Víctor Balcells Matas

El origen de la filosofía occidental. "En los oscuros lugares del saber", de Peter Kingsley


En la trayectoria del pensamiento presocrático, Parménides ocupa un lugar destacado. A partir de sus formulaciones, o bien encontró seguidores (Zenón y Meliso), o bien encontró pensadores que buscaron alternativas a sus postulados (Anaxágoras, Empédocles o los filósofos atomistas). Tal fue su relevancia que se le puede considerar como punto de partida o referencia ineludible para la gran mayoría de los filósofos inmediatamente posteriores (incluido Platón). Que nosotros sepamos, se le atribuye una única obra compuesta en hexámetros titulada Acerca de la naturaleza. De dicha obra no han quedado más de 150 versos que nos permiten reconstruir su estructura de manera algo desequilibrada: del proemio y la primera parte, cuyo tema es la verdad, ha llegado hasta nosotros cerca de un 90% del texto. De la segunda parte, cuyo tema es la opinión, no queda prácticamente nada.

Tal y como comentamos en el artículo dedicado al valor literario de los filósofos Presocráticos, el caso de Parménides es desafortunado: por un lado se le acusó de acercarse peligrosamente al lenguaje poético, de manera que sus ideas adolecían de falta de claridad expositiva, y por otro lado, dicho lenguaje poético fue desprestigiado por el excesivo prosaísmo que exigía la exposición de su pensamiento. Así pues, tenemos ante nosotros a un pensador cuyo principal texto, de notable dificultad interpretativa, se prestaba con facilidad a la ambigüedad, sobre todo debido al uso de palabras que podían poseer doble significación. De esta manera, y por consenso, se estableció una lectura canónica del texto que ha durado hasta nuestros días y que se imparte con total convencimiento en aulas, congreso, speaker's corners y otros espacios de transmisión de conocimiento. ¿Pero es una lectura realmente sólida? 

Hoy quiero hablar de un libro que versa, precisamente, sobre la figura y el pensamiento de Parménides. El lector casual tal vez pueda llegar a pensar, al leer estas líneas y prejuicio mediante, que hablaré de un aburrido texto académico para especialistas. Pero estará equivocado. En los oscuros lugares del saber, de Peter Kingsley, no sólo es una obra audaz y original, también es un libro ameno y soberbiamente escrito que degustarán con deleite los paladares más finos. En castellano, lo encontraremos en la colección Memoria Mundi de Atalanta. Su objetivo es claro: demostrar que en los mismos fundamentos de la civilización occidental se encuentra una tradición espiritual que ha sido defenestrada y desprestigiada a partir de sucesivas interpretaciones equívocas. 
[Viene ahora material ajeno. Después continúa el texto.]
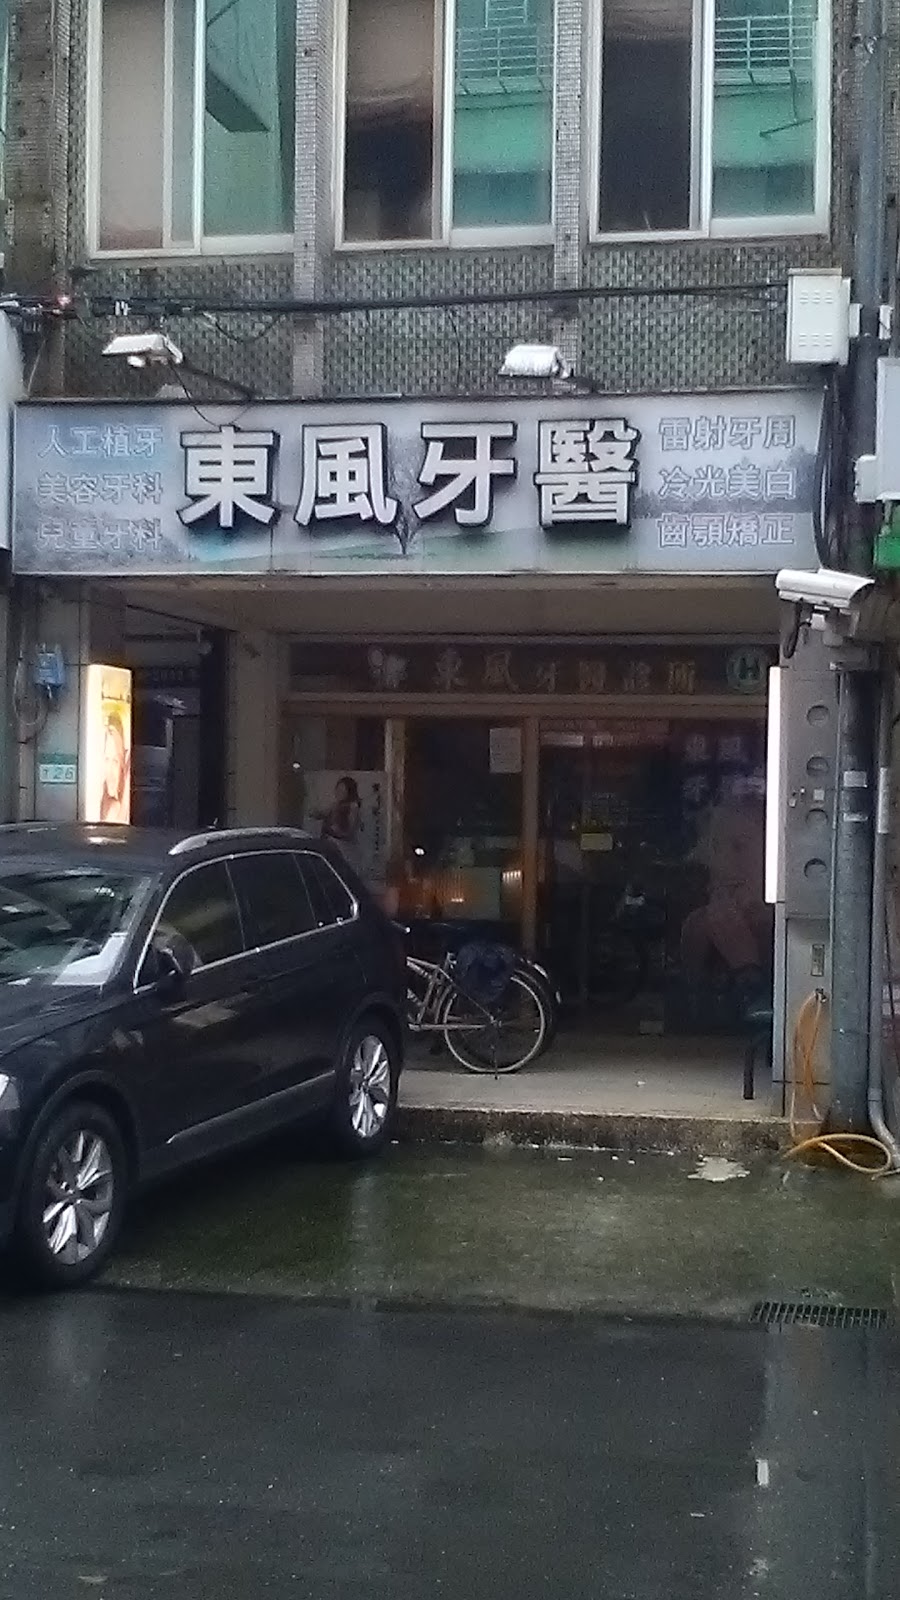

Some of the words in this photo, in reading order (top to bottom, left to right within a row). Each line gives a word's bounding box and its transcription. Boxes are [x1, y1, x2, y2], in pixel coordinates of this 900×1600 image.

[38, 424, 163, 458] 人工植牙
[659, 415, 796, 451] 雷射牙周
[37, 472, 163, 504] 美容牙科
[177, 418, 641, 528] 東風牙醫
[659, 464, 797, 500] 冷光美白
[37, 516, 163, 551] 兒童牙科
[657, 513, 795, 547] 齒顎矯正
Para acometer semejante tarea, Kingsley nos ofrece argumentos filológicos y arqueológicos sustentados por un complejo aparato de notas. ¿En qué consisten dichos argumentos? Lo primero que hay que señalar es el aspecto sincrético de una cultura como la griega. Sus raíces profundas se encuentran, básicamente, en el arco mediterráneo, Mesopotamia y Oriente. Los conocimientos de Pitágoras, por ejemplo, no son otra cosa que una transposición de conocimientos que ya existían en Babilonia. En ciertos templos dedicados al culto de la diosa Hera encontramos influencias egipcias y orientales. No se puede situar el nacimiento del pensamiento griego a partir de un punto cero, sino que debe ser insertado en el largo recorrido de las influencias. «Time present and time past / are both perhaps present in time future», que diría Eliot. 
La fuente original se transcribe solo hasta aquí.